EXERCISE: Set down each entry as it stands. Skip the pictures.

(TASK MATERIAL Opens)

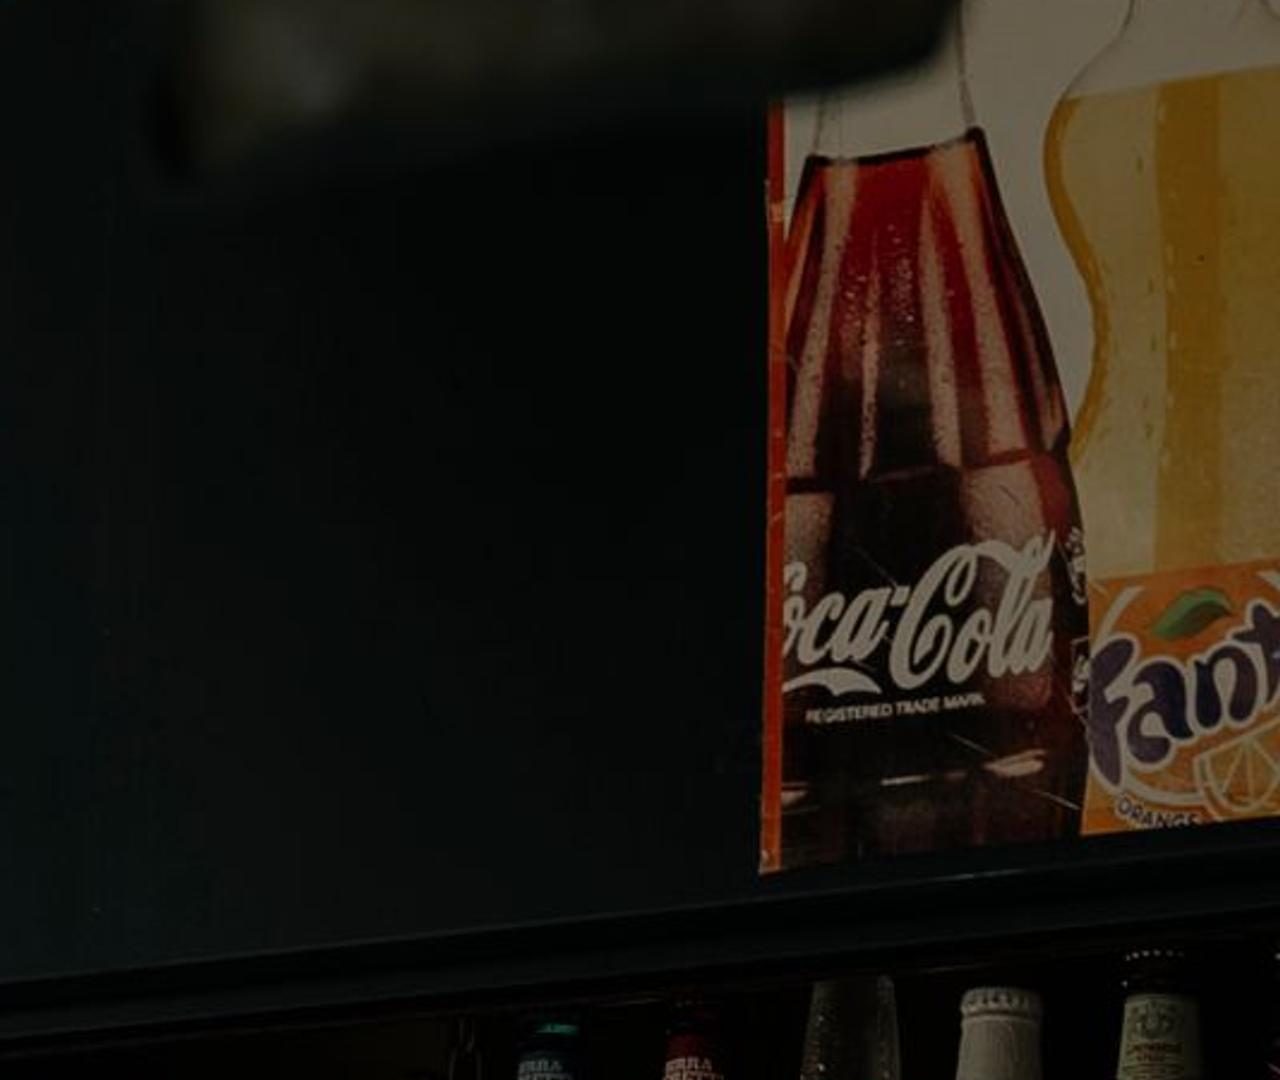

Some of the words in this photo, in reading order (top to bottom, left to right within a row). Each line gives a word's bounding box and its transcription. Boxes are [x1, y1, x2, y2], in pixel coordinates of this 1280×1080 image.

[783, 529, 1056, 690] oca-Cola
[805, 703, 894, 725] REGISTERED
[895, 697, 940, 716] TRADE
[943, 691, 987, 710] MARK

(TASK MATERIAL Closes)

EXERCISE RESPONSE:
Some of the words in this photo, in reading order (top to bottom, left to right within a row). Each line gives a word's bounding box and its transcription. Boxes are [x1, y1, x2, y2], in pixel coordinates of this 1280×1080 image.

[783, 529, 1056, 690] oca-Cola
[805, 703, 894, 725] REGISTERED
[895, 697, 940, 716] TRADE
[943, 691, 987, 710] MARK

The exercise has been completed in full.